Create time to unwind
After a frazzled day of homeschooling, it may be tempting to flop down on the sofa glass of sauvignon in hand, but it is important to try to spend some time relaxing with the kids before bedtime.
“This could be reading a book together, listening to relaxing music or having a bath,” suggests Street. “Try to avoid discussing or making any reference to COVID-19 for at least an hour before sleep so they go to sleep with a relaxed mind.”
Put pen to paper
Children may be feeling anxious about when they can return to school, or when they will be able to see their friends and family again, but getting their worries down on paper could help. “Asking children to put their thoughts and emotions into words can also help them to understand their feelings more clearly, and setting aside time to do so daily can help them learn new coping skills,” suggests Street.
Breathe their way to a better night’s sleep
According to Street when our bodies experience stress and anxiety our breathing becomes more rapid. Introducing simple deep breathing techniques to children can help them relax, especially if they are struggling to sleep.
“Practice this simple technique with them,” says Street. “Find a comfortable place for them to lie down, and ask them to breathe in deeply with their hands on their belly so they can feel it rise. Then ask them to hold their breath for 1 -2 seconds, before breathing out slowly while they feel their belly deflate. Encourage them to use this technique on their own if they are feeling stressed or worried.”
Keep their bed for bedtime
While we’re spending more time at home, children could be using their bed as a make-shift desk, game or zoom their friends. But it's important to make sure that children associate their bed with sleep. “Try to avoid letting them play or lie in bed throughout the day if they aren't napping,” says Street. “It is just as important to create a separation between working spaces and relaxing spaces for adults, as it is for children’s school work, and their relaxing spaces.”
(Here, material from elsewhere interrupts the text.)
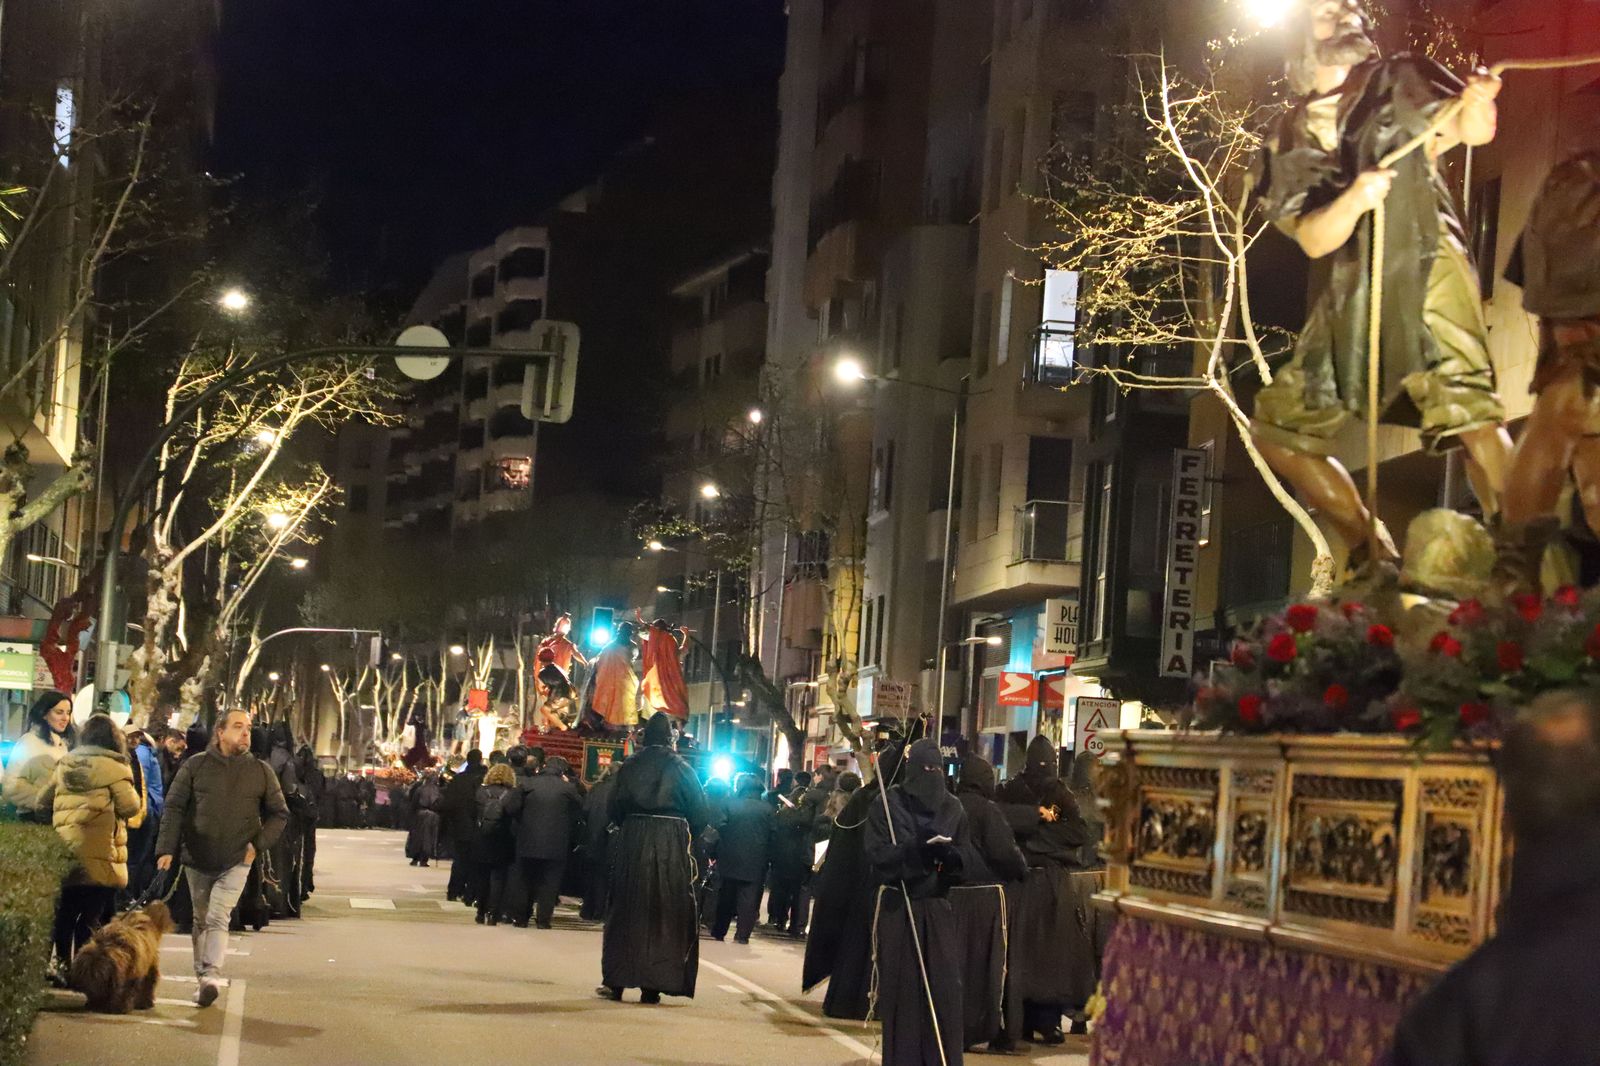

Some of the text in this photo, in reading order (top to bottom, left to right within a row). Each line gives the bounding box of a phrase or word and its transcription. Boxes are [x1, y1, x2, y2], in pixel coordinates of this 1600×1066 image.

[1167, 455, 1201, 673] FERRETERIA
[1061, 605, 1079, 623] PLA
[1053, 627, 1077, 645] HOU
[1090, 741, 1104, 750] 30
Take a pre-bed screen detox
Bright lights, television, phones and other devices can all have a negative impact on children's sleep. “Light from electronic devices is thought to delay the release of melatonin, the hormone that is important for us to get to sleep, and can also disrupt our circadian rhythms,” explains Street. “Taking devices into the bedroom may mean children using them past their usual bedtime, eating into essential sleep time.” Street suggests setting clear limits and eliminating screen time at least an hour before bedtime.
Try to stick to a routine
The switch from strict school-day schedules to more ‘relaxed’ homeschool timetables can prompt parents to become more lax about bedtime and wake-up calls. But it is important not to slip into ‘holiday mode’.
Vanessa Vance, nurse and sleep consultant from Parent Heroes tells Yahoo Lifestyle letting children get in the habit of staying up late, then sleeping in can have a negative impact on sleep habits. Instead she recommends parents try to stick to regular bedtimes 80% of the time.
By reinforcing “gentle boundaries” in terms of a set bedtime, parents can create consistency, encourage better quality sleep, and avoid getting resistance from children pushing bedtime boundaries.